[Dataset entries]

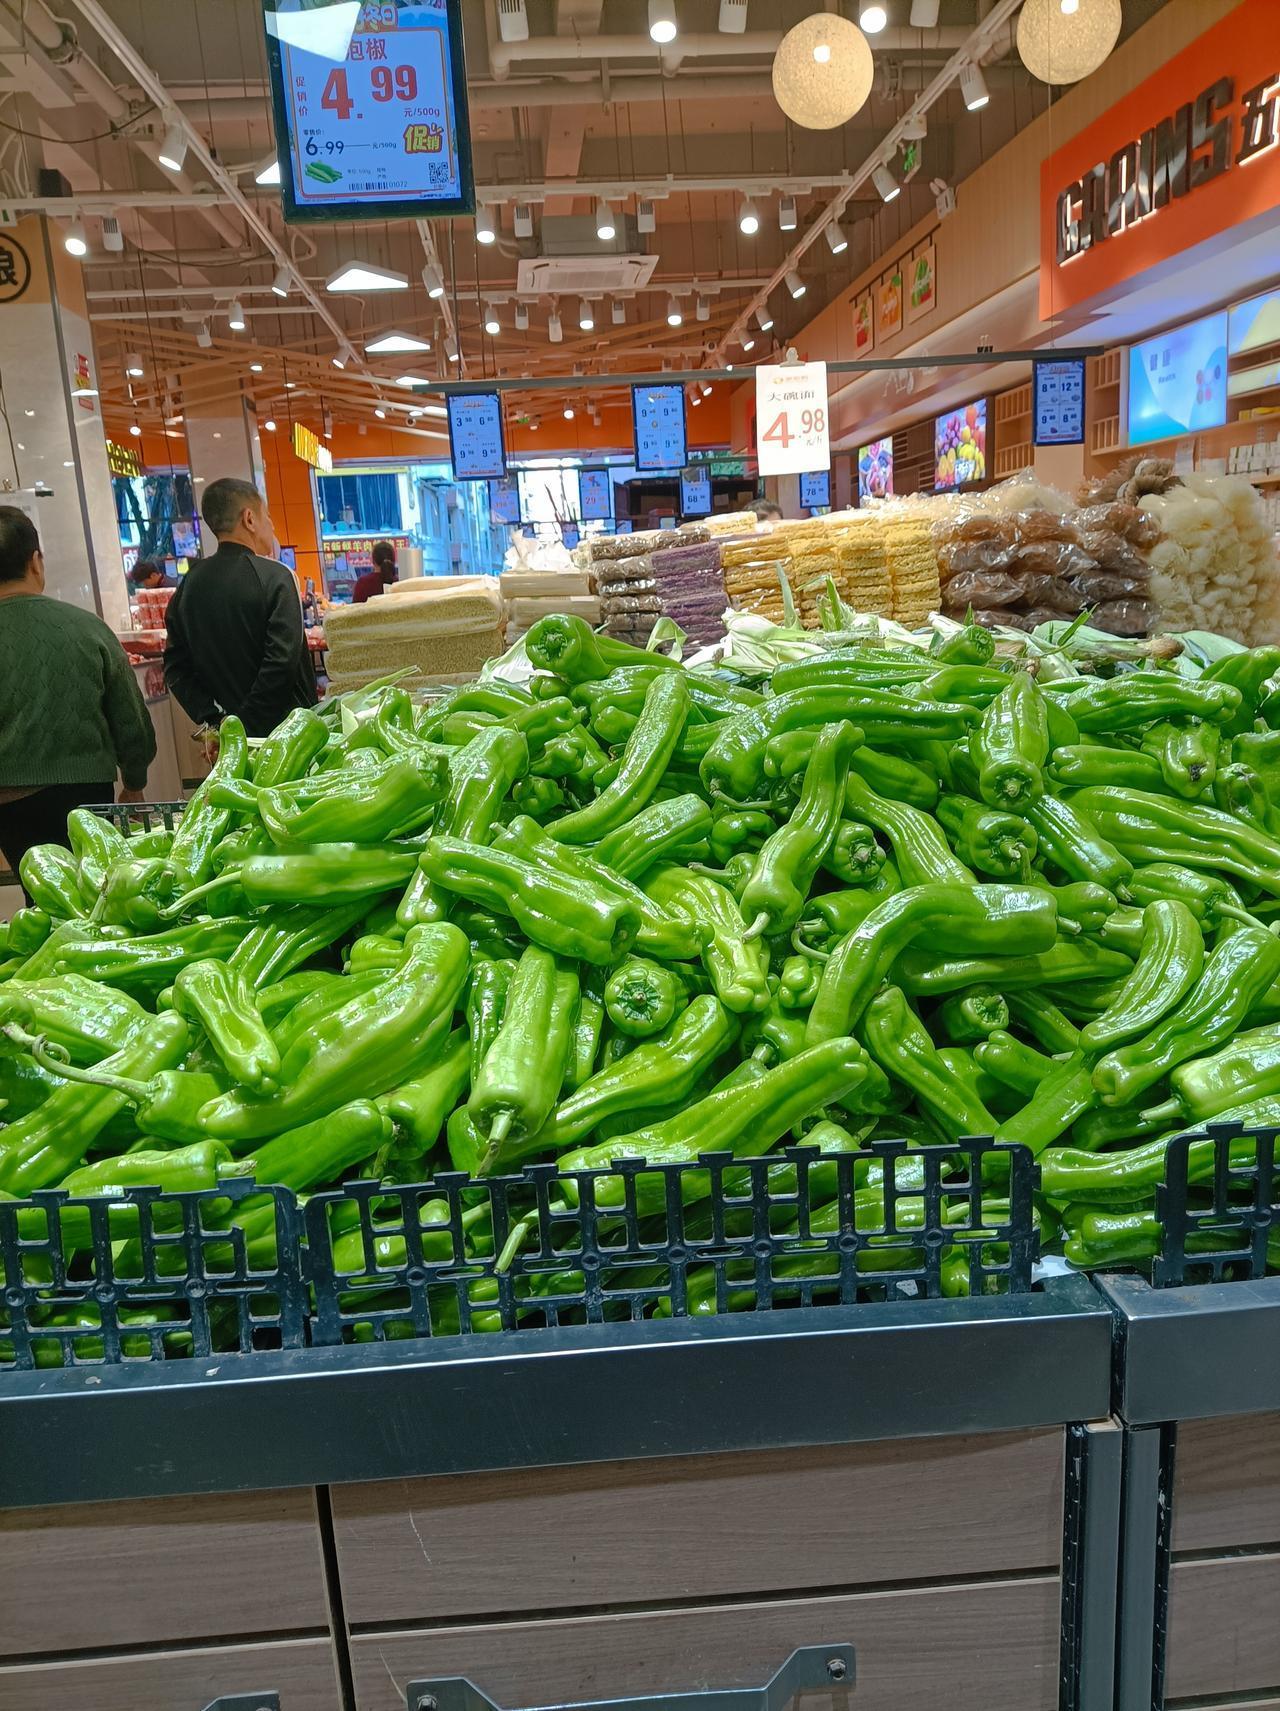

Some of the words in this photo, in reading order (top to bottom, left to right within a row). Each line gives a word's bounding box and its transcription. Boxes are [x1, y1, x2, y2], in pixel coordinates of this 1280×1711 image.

[295, 75, 308, 117] 促销价
[403, 106, 440, 118] 元/500g
[306, 137, 345, 157] 6.99
[403, 123, 443, 154] 促销

*Task instructions*: Output all the records, word for word, with no pictures in the copy.

*Task response*:
Some of the words in this photo, in reading order (top to bottom, left to right within a row). Each line gives a word's bounding box and its transcription. Boxes are [x1, y1, x2, y2], in pixel coordinates of this 1280×1711 image.

[295, 75, 308, 117] 促销价
[403, 106, 440, 118] 元/500g
[306, 137, 345, 157] 6.99
[403, 123, 443, 154] 促销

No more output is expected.